### [Exercise instructions]
All that is needed is the listing, transcribed exactly and in full.

### [Supplied records]

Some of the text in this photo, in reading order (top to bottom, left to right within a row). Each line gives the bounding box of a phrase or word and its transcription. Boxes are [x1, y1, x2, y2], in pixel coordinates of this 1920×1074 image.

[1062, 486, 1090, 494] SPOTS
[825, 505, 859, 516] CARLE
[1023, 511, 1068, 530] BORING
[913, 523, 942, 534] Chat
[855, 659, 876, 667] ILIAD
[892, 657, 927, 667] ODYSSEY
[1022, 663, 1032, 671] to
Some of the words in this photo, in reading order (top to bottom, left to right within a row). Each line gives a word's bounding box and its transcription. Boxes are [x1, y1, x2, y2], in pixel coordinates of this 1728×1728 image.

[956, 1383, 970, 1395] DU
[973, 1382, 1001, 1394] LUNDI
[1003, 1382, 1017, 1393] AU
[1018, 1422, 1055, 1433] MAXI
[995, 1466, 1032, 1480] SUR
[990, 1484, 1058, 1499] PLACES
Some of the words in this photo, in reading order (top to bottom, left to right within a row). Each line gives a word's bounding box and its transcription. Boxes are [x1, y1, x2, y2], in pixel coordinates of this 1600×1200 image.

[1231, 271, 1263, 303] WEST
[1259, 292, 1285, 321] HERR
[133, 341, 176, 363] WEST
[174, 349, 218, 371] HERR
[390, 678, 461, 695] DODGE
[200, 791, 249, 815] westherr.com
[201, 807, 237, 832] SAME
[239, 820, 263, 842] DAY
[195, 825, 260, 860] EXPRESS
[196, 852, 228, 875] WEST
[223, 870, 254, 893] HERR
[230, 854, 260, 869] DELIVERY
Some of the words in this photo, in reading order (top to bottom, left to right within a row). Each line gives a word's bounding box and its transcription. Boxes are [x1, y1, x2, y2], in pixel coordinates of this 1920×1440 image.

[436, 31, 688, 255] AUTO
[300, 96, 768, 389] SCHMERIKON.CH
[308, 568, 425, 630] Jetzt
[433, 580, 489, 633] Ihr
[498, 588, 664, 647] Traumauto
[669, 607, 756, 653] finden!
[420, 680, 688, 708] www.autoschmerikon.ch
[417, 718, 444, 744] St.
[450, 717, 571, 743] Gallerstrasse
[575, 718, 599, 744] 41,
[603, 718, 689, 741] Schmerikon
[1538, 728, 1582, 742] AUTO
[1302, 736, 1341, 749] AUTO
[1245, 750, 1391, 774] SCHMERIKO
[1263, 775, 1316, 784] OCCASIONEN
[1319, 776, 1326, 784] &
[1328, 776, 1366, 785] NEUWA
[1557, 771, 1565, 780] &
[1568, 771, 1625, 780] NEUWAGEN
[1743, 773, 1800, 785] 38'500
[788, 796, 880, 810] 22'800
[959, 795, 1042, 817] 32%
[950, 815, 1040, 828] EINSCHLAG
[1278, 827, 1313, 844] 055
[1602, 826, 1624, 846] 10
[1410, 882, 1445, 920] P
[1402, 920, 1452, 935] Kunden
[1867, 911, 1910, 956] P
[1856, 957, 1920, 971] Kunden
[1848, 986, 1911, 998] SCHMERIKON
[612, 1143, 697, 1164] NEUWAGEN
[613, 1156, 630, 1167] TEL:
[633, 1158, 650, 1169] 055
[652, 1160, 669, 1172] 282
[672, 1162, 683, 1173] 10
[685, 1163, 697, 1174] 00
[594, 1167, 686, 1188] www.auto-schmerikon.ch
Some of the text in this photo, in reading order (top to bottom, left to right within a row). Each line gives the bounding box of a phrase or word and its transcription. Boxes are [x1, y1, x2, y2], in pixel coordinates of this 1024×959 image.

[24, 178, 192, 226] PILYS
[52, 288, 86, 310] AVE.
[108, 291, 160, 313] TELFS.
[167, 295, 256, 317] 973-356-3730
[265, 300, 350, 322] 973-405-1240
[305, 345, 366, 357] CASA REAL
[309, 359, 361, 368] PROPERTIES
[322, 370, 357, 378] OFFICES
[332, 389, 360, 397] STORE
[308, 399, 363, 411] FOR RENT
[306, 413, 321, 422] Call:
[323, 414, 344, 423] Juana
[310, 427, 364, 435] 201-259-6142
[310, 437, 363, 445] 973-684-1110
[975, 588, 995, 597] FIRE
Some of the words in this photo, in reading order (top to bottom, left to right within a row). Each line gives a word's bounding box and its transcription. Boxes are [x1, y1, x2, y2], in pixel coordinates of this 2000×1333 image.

### [Your response]
Some of the text in this photo, in reading order (top to bottom, left to right within a row). Each line gives the bounding box of a phrase or word and its transcription. Boxes are [x1, y1, x2, y2], in pixel coordinates of this 1920×1074 image.

[1062, 486, 1090, 494] SPOTS
[825, 505, 859, 516] CARLE
[1023, 511, 1068, 530] BORING
[913, 523, 942, 534] Chat
[855, 659, 876, 667] ILIAD
[892, 657, 927, 667] ODYSSEY
[1022, 663, 1032, 671] to
Some of the words in this photo, in reading order (top to bottom, left to right within a row). Each line gives a word's bounding box and its transcription. Boxes are [x1, y1, x2, y2], in pixel coordinates of this 1728×1728 image.

[956, 1383, 970, 1395] DU
[973, 1382, 1001, 1394] LUNDI
[1003, 1382, 1017, 1393] AU
[1018, 1422, 1055, 1433] MAXI
[995, 1466, 1032, 1480] SUR
[990, 1484, 1058, 1499] PLACES
Some of the words in this photo, in reading order (top to bottom, left to right within a row). Each line gives a word's bounding box and its transcription. Boxes are [x1, y1, x2, y2], in pixel coordinates of this 1600×1200 image.

[1231, 271, 1263, 303] WEST
[1259, 292, 1285, 321] HERR
[133, 341, 176, 363] WEST
[174, 349, 218, 371] HERR
[390, 678, 461, 695] DODGE
[200, 791, 249, 815] westherr.com
[201, 807, 237, 832] SAME
[239, 820, 263, 842] DAY
[195, 825, 260, 860] EXPRESS
[196, 852, 228, 875] WEST
[223, 870, 254, 893] HERR
[230, 854, 260, 869] DELIVERY
Some of the words in this photo, in reading order (top to bottom, left to right within a row). Each line gives a word's bounding box and its transcription. Boxes are [x1, y1, x2, y2], in pixel coordinates of this 1920×1440 image.

[436, 31, 688, 255] AUTO
[300, 96, 768, 389] SCHMERIKON.CH
[308, 568, 425, 630] Jetzt
[433, 580, 489, 633] Ihr
[498, 588, 664, 647] Traumauto
[669, 607, 756, 653] finden!
[420, 680, 688, 708] www.autoschmerikon.ch
[417, 718, 444, 744] St.
[450, 717, 571, 743] Gallerstrasse
[575, 718, 599, 744] 41,
[603, 718, 689, 741] Schmerikon
[1538, 728, 1582, 742] AUTO
[1302, 736, 1341, 749] AUTO
[1245, 750, 1391, 774] SCHMERIKO
[1263, 775, 1316, 784] OCCASIONEN
[1319, 776, 1326, 784] &
[1328, 776, 1366, 785] NEUWA
[1557, 771, 1565, 780] &
[1568, 771, 1625, 780] NEUWAGEN
[1743, 773, 1800, 785] 38'500
[788, 796, 880, 810] 22'800
[959, 795, 1042, 817] 32%
[950, 815, 1040, 828] EINSCHLAG
[1278, 827, 1313, 844] 055
[1602, 826, 1624, 846] 10
[1410, 882, 1445, 920] P
[1402, 920, 1452, 935] Kunden
[1867, 911, 1910, 956] P
[1856, 957, 1920, 971] Kunden
[1848, 986, 1911, 998] SCHMERIKON
[612, 1143, 697, 1164] NEUWAGEN
[613, 1156, 630, 1167] TEL:
[633, 1158, 650, 1169] 055
[652, 1160, 669, 1172] 282
[672, 1162, 683, 1173] 10
[685, 1163, 697, 1174] 00
[594, 1167, 686, 1188] www.auto-schmerikon.ch
Some of the text in this photo, in reading order (top to bottom, left to right within a row). Each line gives the bounding box of a phrase or word and its transcription. Boxes are [x1, y1, x2, y2], in pixel coordinates of this 1024×959 image.

[24, 178, 192, 226] PILYS
[52, 288, 86, 310] AVE.
[108, 291, 160, 313] TELFS.
[167, 295, 256, 317] 973-356-3730
[265, 300, 350, 322] 973-405-1240
[305, 345, 366, 357] CASA REAL
[309, 359, 361, 368] PROPERTIES
[322, 370, 357, 378] OFFICES
[332, 389, 360, 397] STORE
[308, 399, 363, 411] FOR RENT
[306, 413, 321, 422] Call:
[323, 414, 344, 423] Juana
[310, 427, 364, 435] 201-259-6142
[310, 437, 363, 445] 973-684-1110
[975, 588, 995, 597] FIRE
Some of the words in this photo, in reading order (top to bottom, left to right within a row). Each line gives a word's bounding box and its transcription. Boxes are [x1, y1, x2, y2], in pixel coordinates of this 2000×1333 image.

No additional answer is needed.